*What this task involves:*
In your copy of the listing below, reproduce each word exactly and include no pictures.

** Opening Given records block **

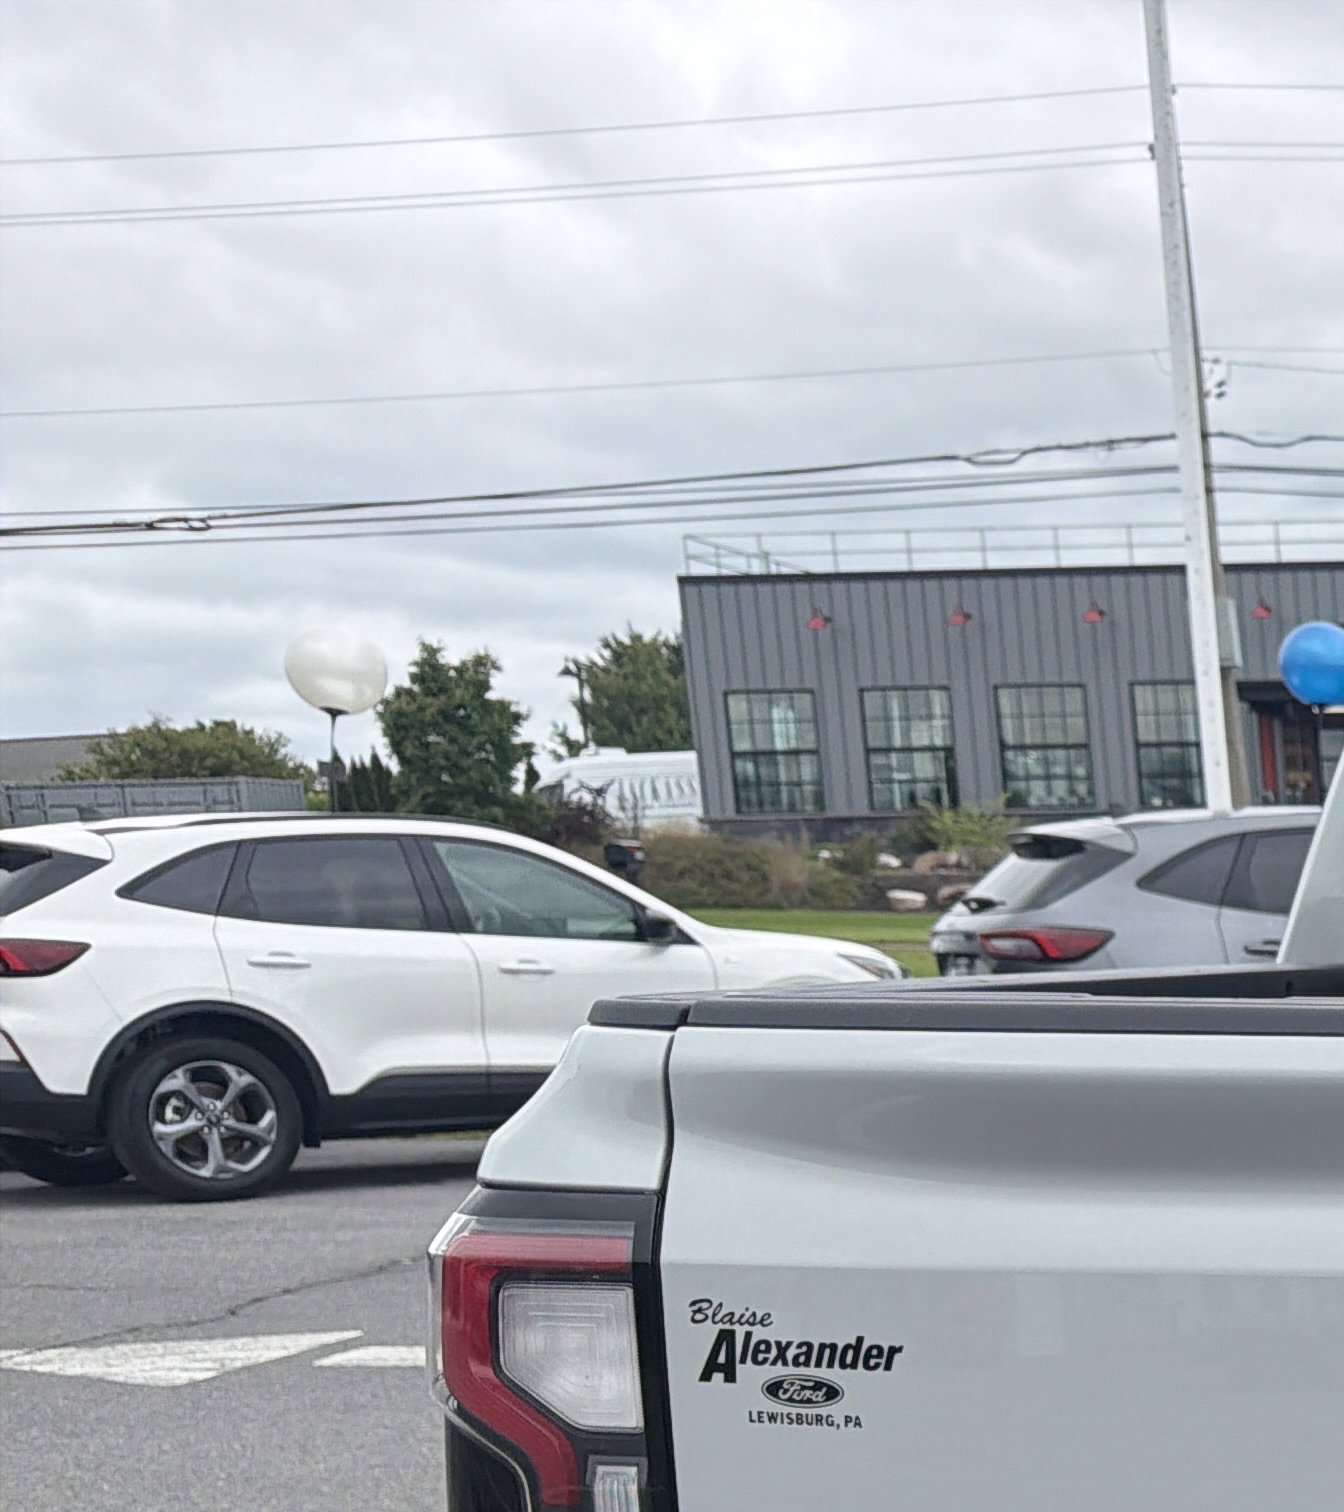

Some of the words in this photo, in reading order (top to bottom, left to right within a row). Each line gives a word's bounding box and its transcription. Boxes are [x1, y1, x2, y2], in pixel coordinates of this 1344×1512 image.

[688, 1298, 774, 1328] Blaise
[698, 1328, 904, 1384] Alexander
[777, 1378, 828, 1402] Ford
[748, 1410, 841, 1430] LEWISBURG,
[844, 1415, 863, 1429] PA
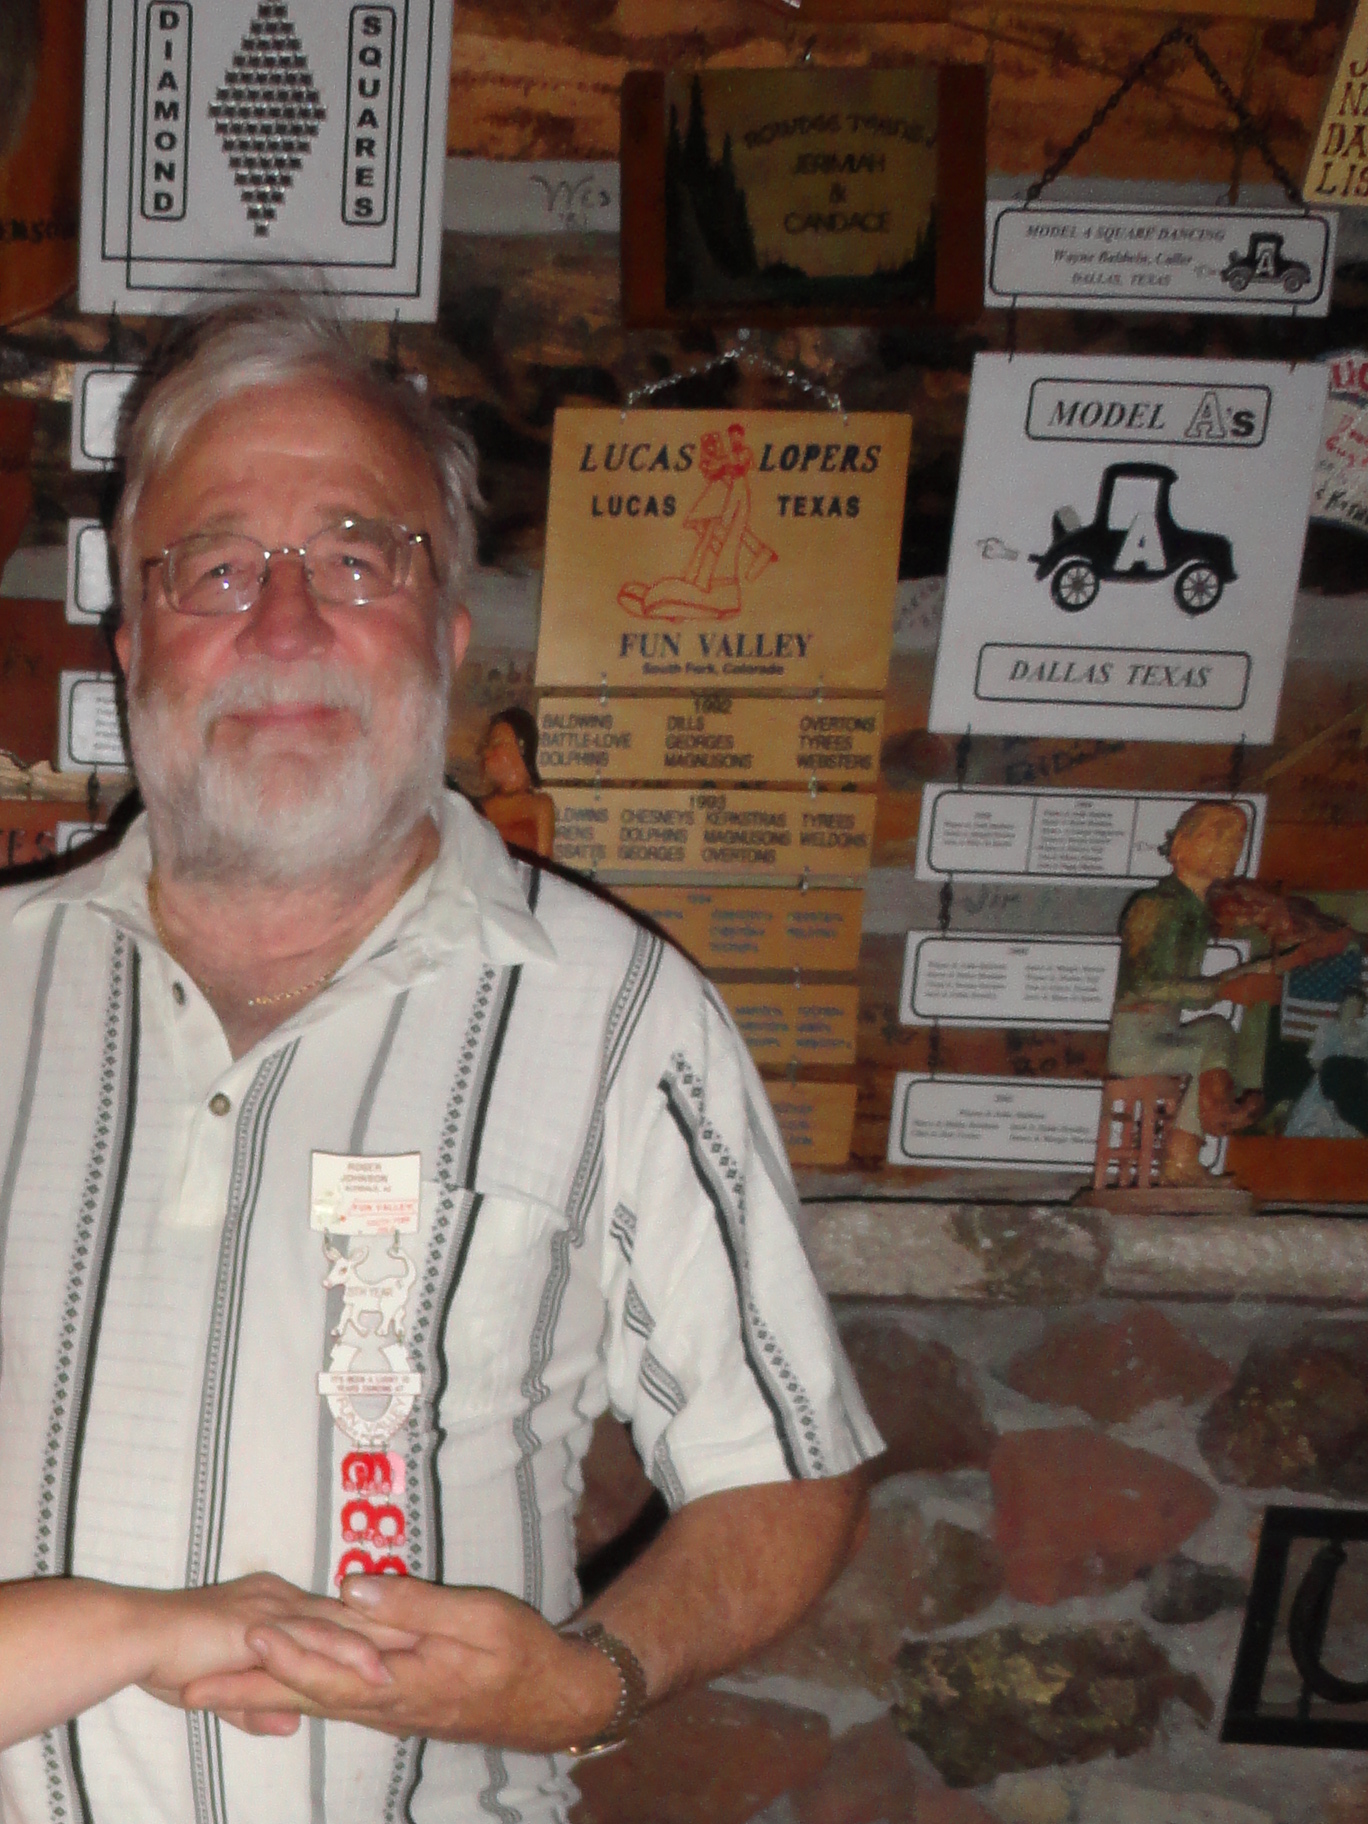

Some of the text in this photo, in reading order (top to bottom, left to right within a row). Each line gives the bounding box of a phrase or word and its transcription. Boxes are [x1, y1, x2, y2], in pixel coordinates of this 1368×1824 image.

[153, 10, 180, 212] DIAMOND
[354, 17, 382, 218] SQUARES
[1026, 224, 1077, 240] MODEL
[1095, 226, 1157, 244] SQUARE
[1157, 227, 1227, 243] DANCING
[1129, 272, 1173, 287] TEXAS
[1047, 399, 1166, 430] MODEL
[578, 442, 882, 475] LUCAS LOPERS
[590, 493, 862, 519] LUCAS TEXAS
[618, 632, 814, 660] FUN VALLEY
[1008, 659, 1213, 690] DALLAS TEXAS
[542, 713, 877, 733] BALDWINS DILLS OVERTONS
[539, 731, 633, 749] BATTLE-LOVE
[665, 734, 735, 750] GEORGES
[539, 750, 874, 770] DOLPHINS MAGNUSONS WEBSTERS
[620, 826, 689, 844] DOLPHINS
[376, 1203, 414, 1212] VALLEY

** Closing Given records block **

*Solution to this task:*
Some of the words in this photo, in reading order (top to bottom, left to right within a row). Each line gives a word's bounding box and its transcription. Boxes are [x1, y1, x2, y2], in pixel coordinates of this 1344×1512 image.

[688, 1298, 774, 1328] Blaise
[698, 1328, 904, 1384] Alexander
[777, 1378, 828, 1402] Ford
[748, 1410, 841, 1430] LEWISBURG,
[844, 1415, 863, 1429] PA

Some of the text in this photo, in reading order (top to bottom, left to right within a row). Each line gives the bounding box of a phrase or word and its transcription. Boxes are [x1, y1, x2, y2], in pixel coordinates of this 1368×1824 image.

[153, 10, 180, 212] DIAMOND
[354, 17, 382, 218] SQUARES
[1026, 224, 1077, 240] MODEL
[1095, 226, 1157, 244] SQUARE
[1157, 227, 1227, 243] DANCING
[1129, 272, 1173, 287] TEXAS
[1047, 399, 1166, 430] MODEL
[578, 442, 882, 475] LUCAS LOPERS
[590, 493, 862, 519] LUCAS TEXAS
[618, 632, 814, 660] FUN VALLEY
[1008, 659, 1213, 690] DALLAS TEXAS
[542, 713, 877, 733] BALDWINS DILLS OVERTONS
[539, 731, 633, 749] BATTLE-LOVE
[665, 734, 735, 750] GEORGES
[539, 750, 874, 770] DOLPHINS MAGNUSONS WEBSTERS
[620, 826, 689, 844] DOLPHINS
[376, 1203, 414, 1212] VALLEY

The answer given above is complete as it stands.